Welchen Weg schlägt die AKP ein?

Die Türkei zwischen traditionellem Kemalismus und liberalen Reformen

Der Wahlerfolg der regierenden AKP vom 22. Juli 2007 löste eine breite Debatte in der Presse und den Medien aus, die sich auf die Hintergründe und Ursachen dieses Sieges konzentrierte. Interessant ist, dass trotz ideologisch-politischer Differenzen vor allem folgende Aspekte als bedeutend hervorgehoben wurden: die erzielten wirtschaftlichen Erfolge, der Reformprozess und die massiven Einmischungen des Militärs in die Politik (bei der Wahl des Staatspräsidenten) in Form von Memoranden (zuletzt vom 27.4.2007).
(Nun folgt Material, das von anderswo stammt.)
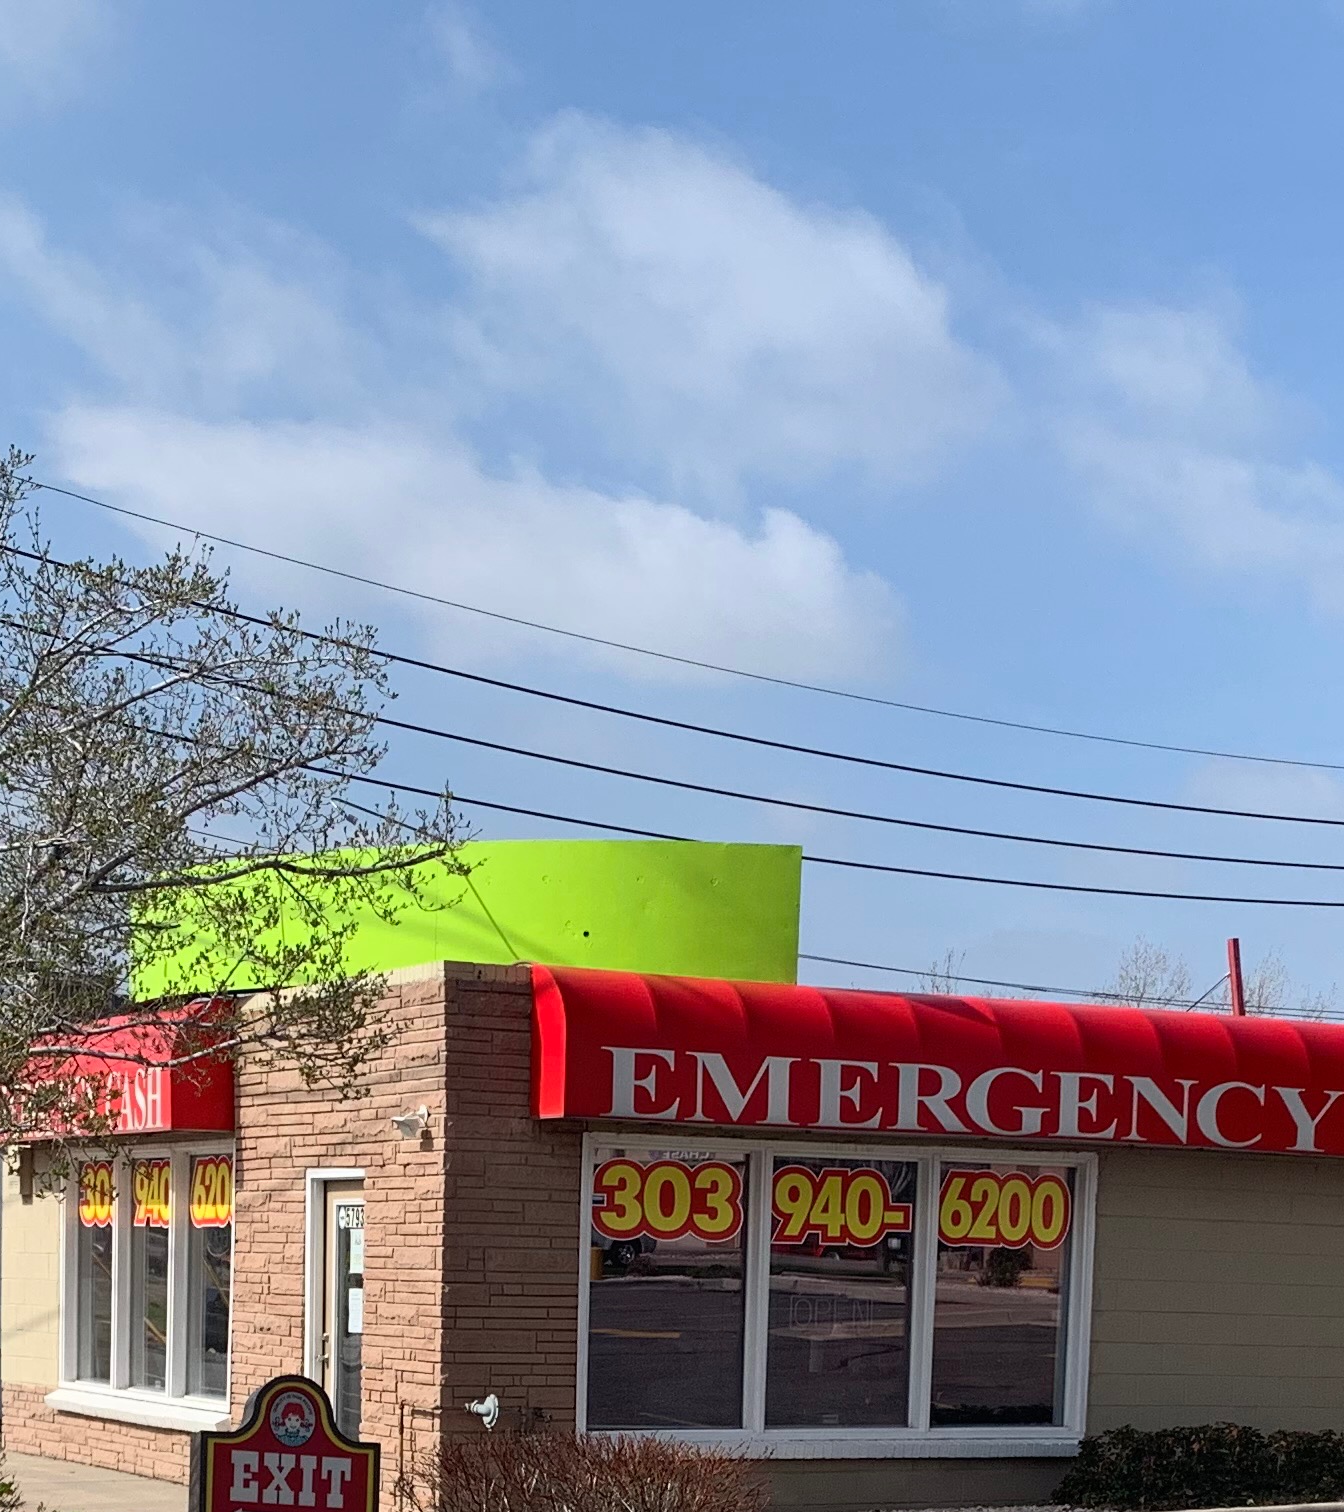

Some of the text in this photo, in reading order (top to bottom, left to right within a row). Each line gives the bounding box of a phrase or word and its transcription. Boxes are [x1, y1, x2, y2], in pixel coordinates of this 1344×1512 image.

[81, 1163, 113, 1226] 30
[191, 1157, 235, 1228] 620
[594, 1160, 1070, 1249] 303 940- 6200
[795, 1299, 870, 1326] OPEN
[230, 1450, 351, 1508] EXIT
In diesem Sinne äußerten sich beispielsweise die nationalistisch-islamistisch orientierte und regierungsnahe Tageszeitung Türkiye (23.7.2007) oder die linksliberale, regierungskritische Tageszeitung Radikal (23.7.2007). Gleichzeitig wurde die AKP-Regierung von liberalen bis konservativen Tageszeitungen aufgefordert, bei der künftigen Regierungsarbeit politische und gesellschaftliche Polarisierungen zu vermeiden und auf die wichtigen Themen Laizismus und Einheit Rücksicht zu nehmen. Diese Aufforderungen spiegeln die trotz des Wahlsiegs der AKP weiterhin bestehende Skepsis und das Misstrauen gegenüber der Partei wider.
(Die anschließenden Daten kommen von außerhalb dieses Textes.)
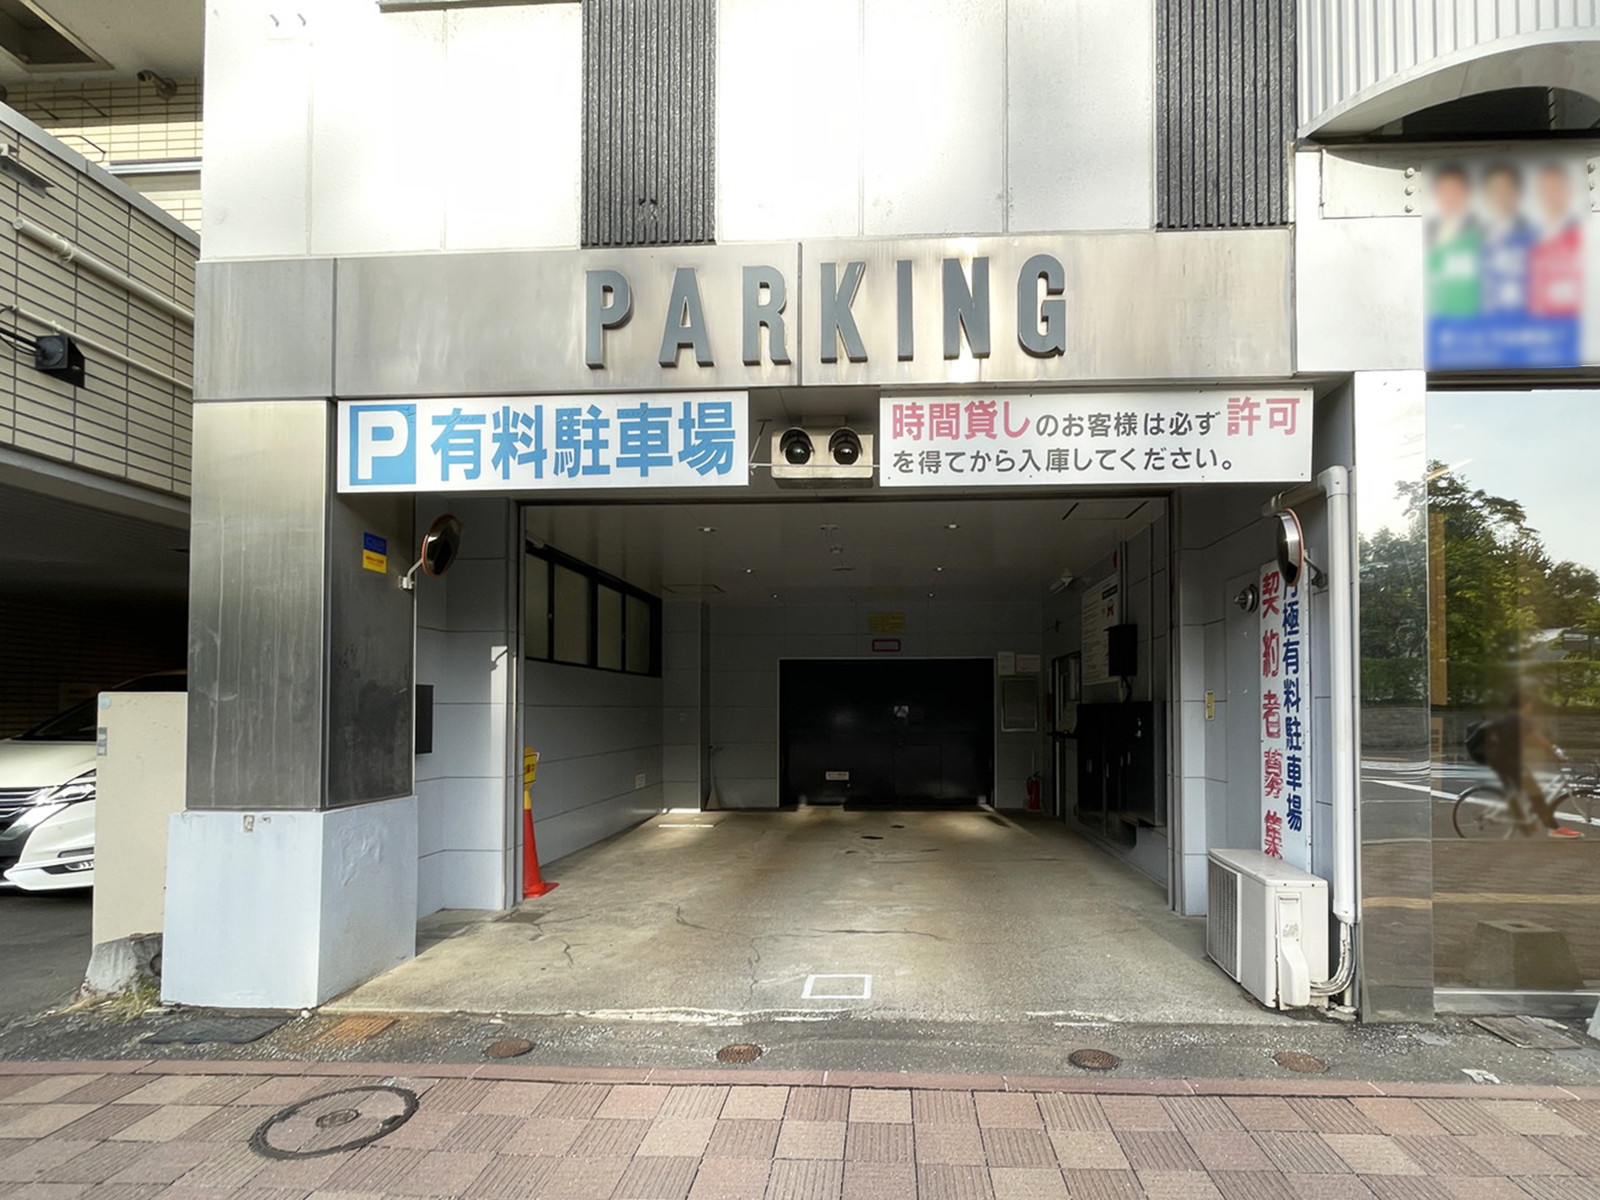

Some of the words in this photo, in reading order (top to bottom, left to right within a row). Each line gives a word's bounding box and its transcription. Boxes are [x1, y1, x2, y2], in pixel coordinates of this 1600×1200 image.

[585, 253, 1066, 369] PARKING
[357, 410, 409, 479] P
[431, 401, 736, 481] 有料駐車場
[892, 447, 1233, 474] を得てから入庫してください。
[1262, 571, 1283, 860] 契約者募集
Bereits im Vorfeld der Wahl des Staatspräsidenten im April 2007 versuchte der türkische Generalstab, der sich als Hüter der kemalistischen Republik und ihrer Grundsätze versteht, massiven Einfluss auszuüben, um die Wahl von Abdullah Gül zu verhindern. Das Militär und die säkularen Eliten des Landes werfen der AKP vor, die in der Verfassung festgeschriebene Trennung von Religion und Staat zu unterlaufen und die Türkei schleichend zu islamisieren. Am 12. April 2007 warnte der Generalstab auf seiner Homepage davor, dass einige Kräfte im Land versuchen würden, den Laizismus zu zerstören. Dies werde die Armee als Hüterin der Republik niemals zulassen. Die größte türkische Tageszeitung Hürriyet veröffentlichte am 13. August ein Interview mit dem ehemaligen Generalstabschef Hilmi Özkök, der die AKP ausdrücklich davor warnte, auf die Kandidatur von Gül zu bestehen. Hürriyet mahnte, dass der Staatspräsident die gesamte Türkei repräsentiere und es nicht richtig sei, diesen Posten so polarisierend zu besetzen.
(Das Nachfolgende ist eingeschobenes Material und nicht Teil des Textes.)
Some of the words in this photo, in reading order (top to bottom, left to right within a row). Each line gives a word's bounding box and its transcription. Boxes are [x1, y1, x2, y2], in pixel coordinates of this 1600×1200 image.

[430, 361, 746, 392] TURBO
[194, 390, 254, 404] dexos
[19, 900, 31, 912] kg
Für die kemalistischsäkularen Eliten des Landes war es undenkbar, dass der Sitz des Staatspräsidenten als die Bastion der alten säkularen Ankara-Eliten nunmehr einen frommen Muslim als Hausherrn beherbergen sollte, der auch noch von einer Kopftuch tragenden Ehefrau begleitet wird. „Das Kopftuch ist auf dem Weg in den Präsidentenpalast“, hieß es in Cumhuriyet (14.8.2007), die im Namen des Kemalismus als letzte große türkische Zeitung konsequent regierungsfeindlich berichtet und kommentiert.

Türkiye (28.8.2007) zitierte Generalstabschef Yasar Büyükanit: „Die Bestrebungen der Separatisten, die die Einheit des Landes ablehnen, und die ständigen Bemühungen der bösen Zentren, die die laizistische Struktur der Republik unterminieren, werden von der Türkischen Nation ganz klar gesehen. Der Nationalismus von Atatürk und der Laizismus werden diese bösen Zentren mit dem Licht der Wissenschaft und der Vernunft unterdrücken und uns zu einer hellen Zukunft führen.“ Doch auch diese Warnung des Generalstabschefs konnte nicht verhindern, dass Abdullah Gül im dritten Wahlgang zum elften Staatspräsidenten der Türkei gewählt wurde.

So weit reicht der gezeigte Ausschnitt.